Bull hatte sich neben die Liege gesetzt. Er forderte den Medoroboter auf: »Weck ihn. So sanft wie möglich.«
Ohne sich von seiner Magnethaftung zu lösen, berührte der Roboter mit der Injektionsspitze seines Tentakels Rouths Hals. Es zischte kaum hörbar.
Einige Minuten vergingen. Dann öffnete Routh langsam die Augen und starrte einige Sekunden wie blind an die Decke. Endlich gewahrte er Bulls Anwesenheit.
»Oh«, sagte er. »Resident.«
»Wie geht es dir?«
»Wie geht es Henrike?«
»Ich weiß es nicht«, gab Bull zu. »Ich habe keinen Kontakt zu ihr. Auf Terra gelte ich als tot. Und das soll auch noch ein wenig so bleiben. Ich denke aber, sie hält sich in der Solaren Residenz auf. In der Nähe von Anicee. Anicee ist in der Residenz.«
»Okay«, sagte Routh nach einer kleinen Weile, zugleich erleichtert und besorgt. »Weißt du etwas über Anicee? Mein Ziehvater hat gesagt, sie sei wertvoll geworden. Wertvoll für die Akademie auf Druh.«
»Welche Akademie?«
Routh winkte müde ab. »Chourtaird fragen. Anicee?«
Bull überlegte kurz, ob er die Tatsachen ein wenig schönen sollte. Dann sagte er: »Anicee wurde neu formatiert. Sie hält sich jetzt für eine Sayterranerin. Zusammen mit einigen anderen umgedrehten Jugendlichen bildet sie so etwas wie eine Marionettenregierung für die Invasoren. Sie bezeichnen sich als den Umbrischen Rat.«
Shamsur Routh schwieg.
»Ich bin, was diese Sayterraner angeht, ein bisschen ratlos«, gestand Bull.
Routh sammelte offenbar seine Kräfte. Dann sagte er: »Ich habe auf Gadomenäa wundersame Städte und Parks gesehen. So makellos, dass es einen Besucher beschämen konnte.«
»Was hast du herausgefunden?«
»Die Städte stehen weitgehend leer. Ich denke, die Sayporaner verfügen über eine hochstehende biochemische Technologie. Extrem hohe Lebenserwartung. Die Individuen leben extrem lang. Aber ihr Volk stirbt aus.«
»Sie wären trotz dieser Biotechnologie reproduktionsmedizinische Anfänger?«, staunte Bull.

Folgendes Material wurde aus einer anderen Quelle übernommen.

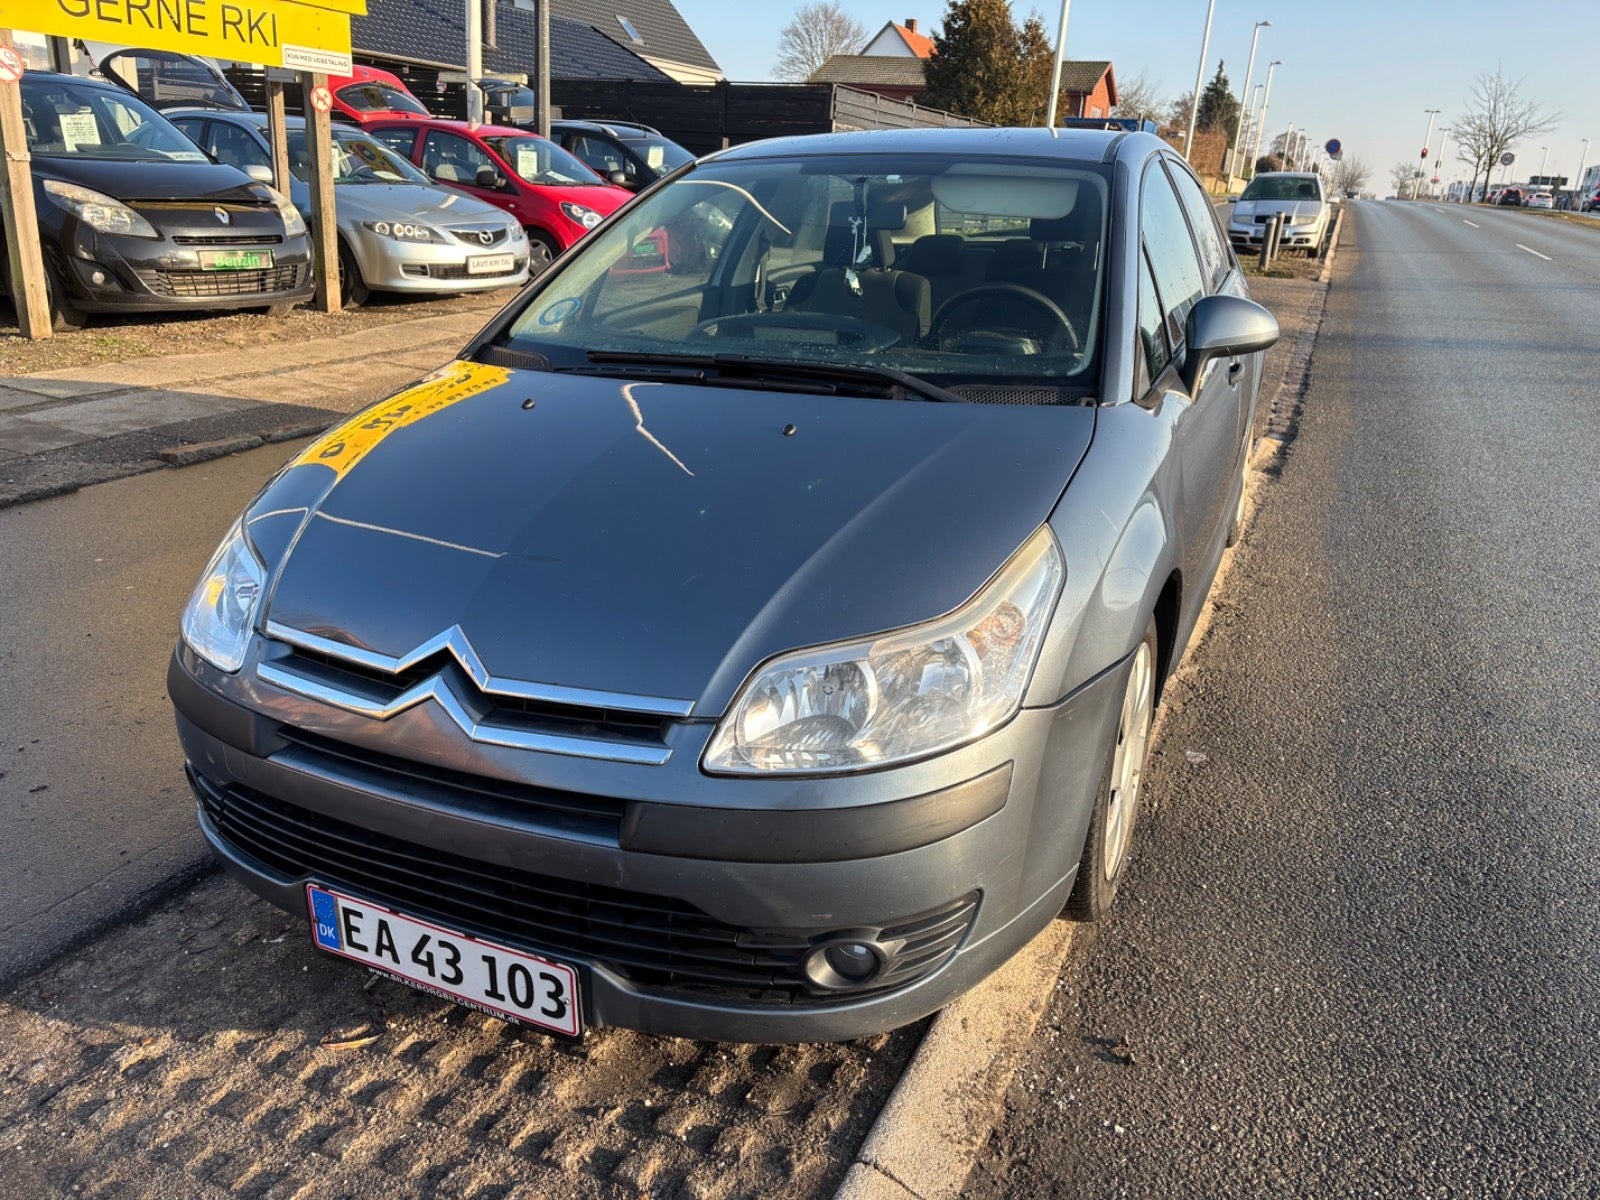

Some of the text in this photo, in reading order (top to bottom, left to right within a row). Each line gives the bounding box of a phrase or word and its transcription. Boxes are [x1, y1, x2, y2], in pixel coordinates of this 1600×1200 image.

»Ich habe auf Gadomenäa keine Kinder gesehen. Außer unseren Kindern«, sagte Routh.
Einige von unseren über 123.000 Kindern, ergänzte Bull in Gedanken. Er sagte: »Wir können also davon ausgehen, dass die Sayporaner die Entführten nicht in erster Linie als Druckmittel gegen uns verwenden werden, sondern sie als ihre Kinder betrachten.«
»Ja. Auf Gadomenäa hat man ihnen eingeredet: Eine neue Zeit beginnt. Dass die Geschichte der Menschheit in eine neue Phase träte. Dass sie – die Jugendlichen, die über das Transitparkett gegangen sind – neue Pioniere sein werden. Wie alle Pioniere würden sie kämpfen müssen. Gegen die Beharrungskräfte. Das Alteingesessene. Die Sayporaner haben sich anerboten, ihre Mentoren zu sein. Die neuen Arkoniden. Sozusagen.«
Bull kniff die Lippen zusammen. Die Pioniere – hatten nicht auch er und Perry sich im Recht gesehen, als sie, ohne von der Menschheit dafür legitimiert worden zu sein, der Geschichte eine neue Richtung gegeben hatten? Zu den Sternen?

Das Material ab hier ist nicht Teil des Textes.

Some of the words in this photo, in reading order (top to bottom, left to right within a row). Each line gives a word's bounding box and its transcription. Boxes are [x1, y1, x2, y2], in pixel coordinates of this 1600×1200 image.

»Anicee glaubt, sie habe eine Mission: den Menschen im Solsystem ein neues Zuhause zu geben. Hier. Im Neuroversum. Ich habe mit einem Mann geredet. Zachary Cranstoun. Er ...«
»Zachary Cranstoun?«, unterbrach ihn Bull. »Hast du Zachary Cranstoun gesagt?«
»Ja«, sagte Routh und schloss die Augen.
Bull spürte, wie sich ihm die Nackenhaare aufstellten. Er selbst hatte Aiden und Zachary Cranstoun am 6. September 1469 NGZ, also kurz nach der Versetzung des Solsystems, mit der BOMBAY auf eine Expedition geschickt. Die BOMBAY hatte unter Oberst Nuruzzaman die neue interstellare Umgebung des Systems vorsichtig erkunden sollen. Als die BOMBAY zurückgekehrt war, hatten die Fagesy sie in ein Spionageschiff verwandelt.

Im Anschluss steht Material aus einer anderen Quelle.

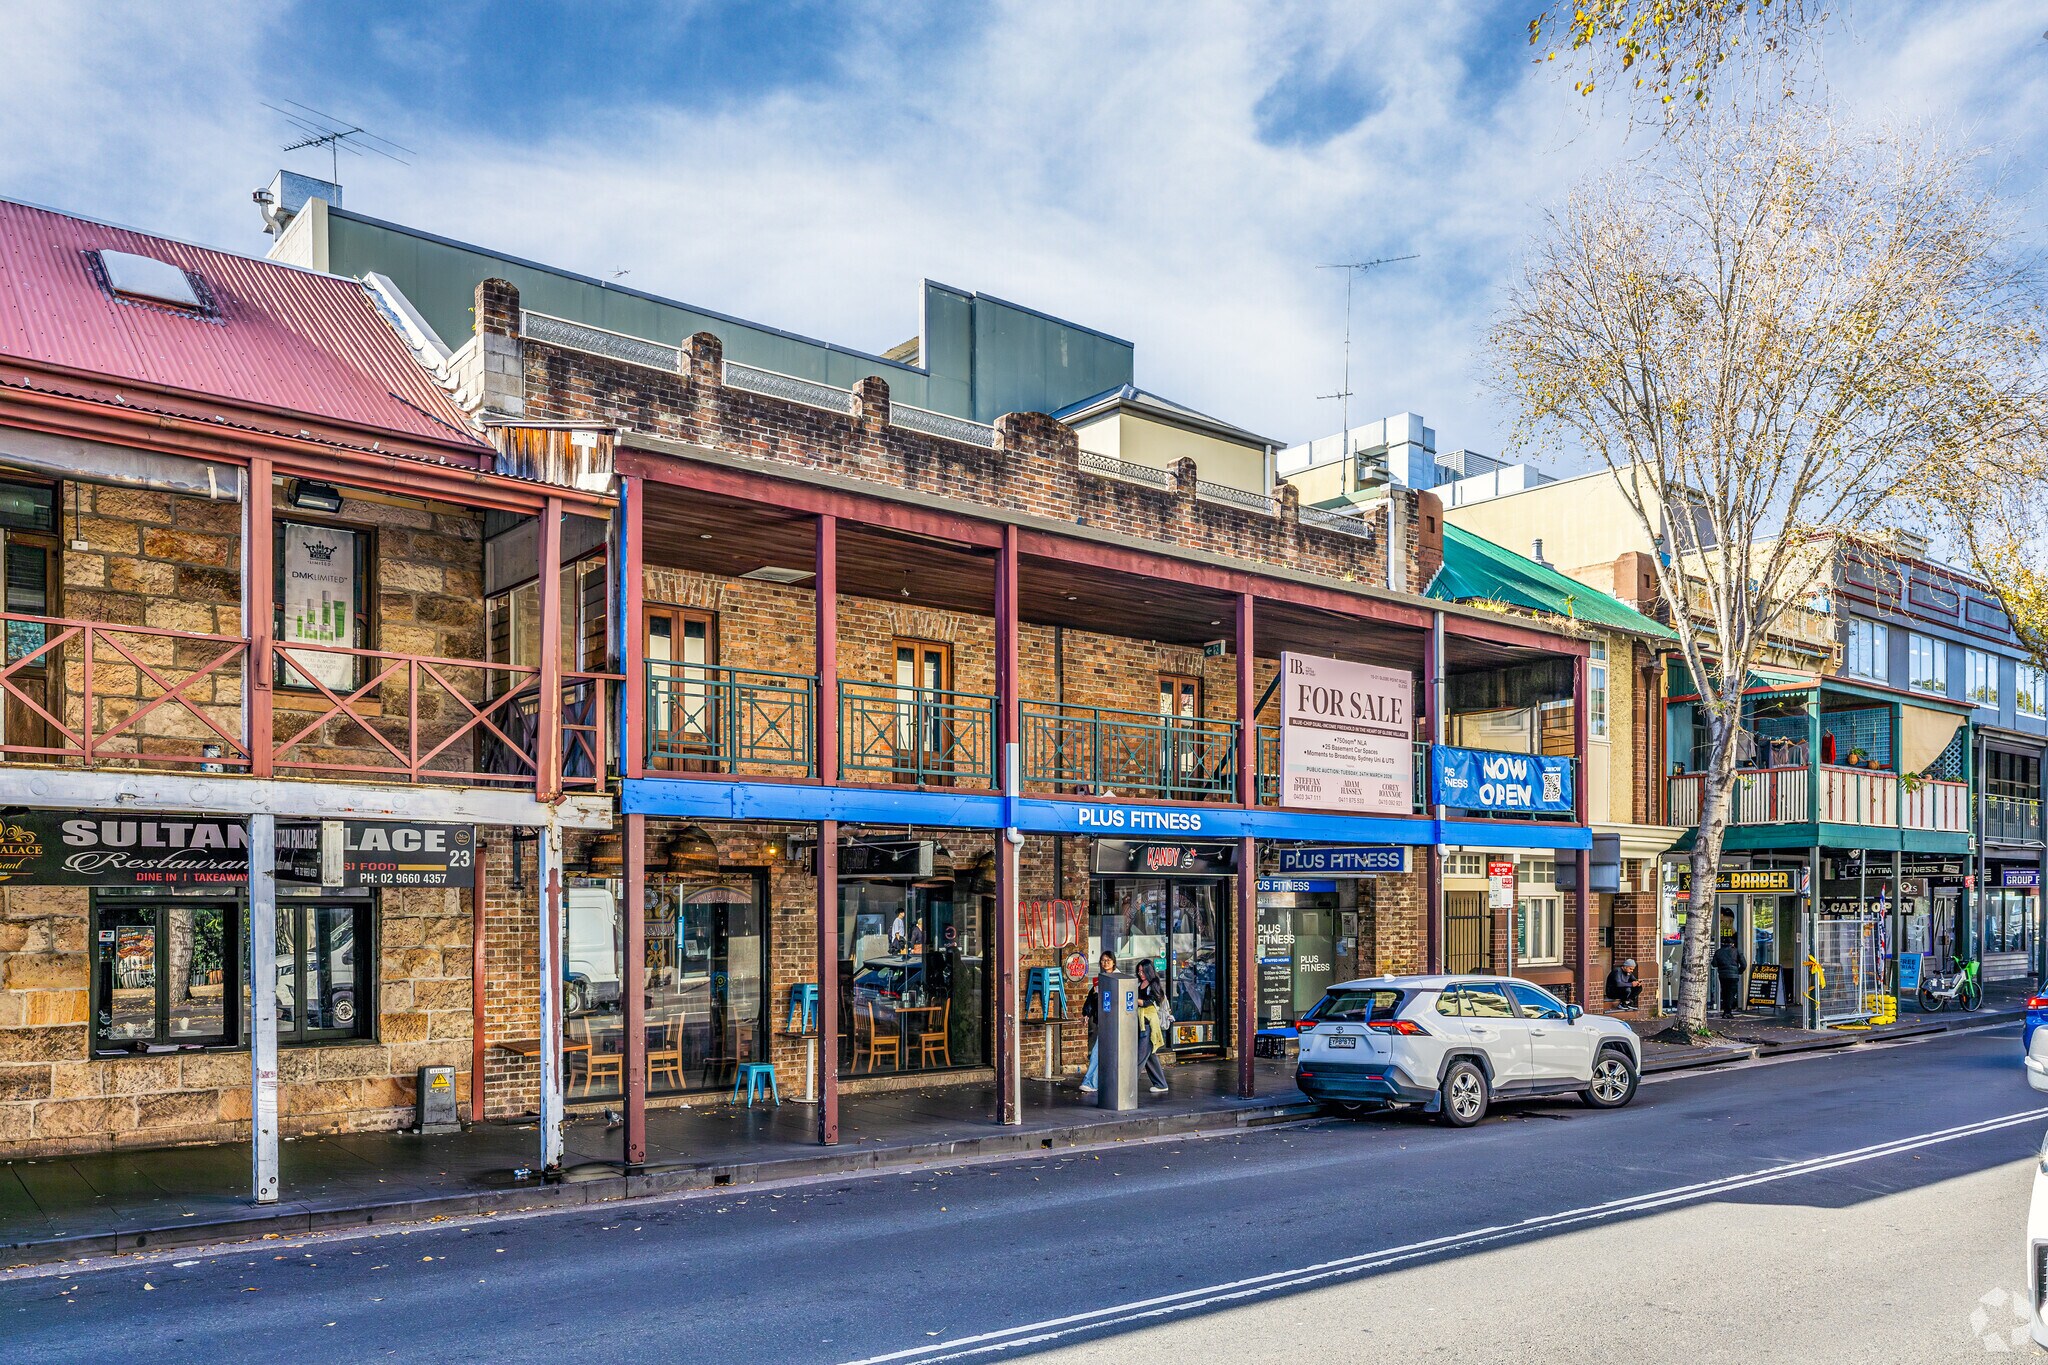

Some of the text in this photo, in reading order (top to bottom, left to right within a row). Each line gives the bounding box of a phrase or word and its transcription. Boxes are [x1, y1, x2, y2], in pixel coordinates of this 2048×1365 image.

[1298, 684, 1402, 724] FOR SALE
[1363, 748, 1378, 756] Spaces
[1358, 755, 1373, 763] Sydney
[1484, 757, 1527, 780] NOW
[1293, 784, 1322, 792] IPPOLITO
[1480, 783, 1532, 806] OPEN
[1079, 808, 1201, 831] PLUS FITNESS
[62, 820, 248, 848] SULTAN
[291, 829, 317, 849] PALACE
[344, 828, 446, 852] LACE
[0, 845, 43, 854] ALACE
[450, 850, 470, 867] 23
[1147, 847, 1180, 871] KANDY
[1286, 852, 1400, 869] PLUS FITNESS
[360, 863, 396, 871] FOOD
[136, 872, 162, 881] DINE
[166, 873, 177, 881] IN
[194, 873, 248, 882] TAKEAWAY
[360, 873, 447, 884] PH: 02 9660 4357
[1731, 872, 1788, 888] BARBER
[2006, 876, 2033, 884] GROUP
[1258, 881, 1309, 890] US FITNESS
[1830, 902, 1914, 913] CAFE OPN
[1018, 900, 1086, 950] ANDY
[1258, 924, 1280, 934] PLUS
[1258, 934, 1295, 944] FITNESS
[1300, 964, 1330, 972] FITNESS

Immerhin war es einem Enterkommando der Liga gelungen, in die BOMBAY einzudringen und in Erfahrung zu bringen, was mit dem Schiff geschehen war.
Seit dem 17. November 1469 NGZ befanden sich 23 Besatzungsmitglieder der BOMBAY im Kastell – in absoluter Quarantäne, weil sie nach wie vor von den Nanomaschinen infiziert waren und in einem künstlich induzierten Tiefschlaf lagen.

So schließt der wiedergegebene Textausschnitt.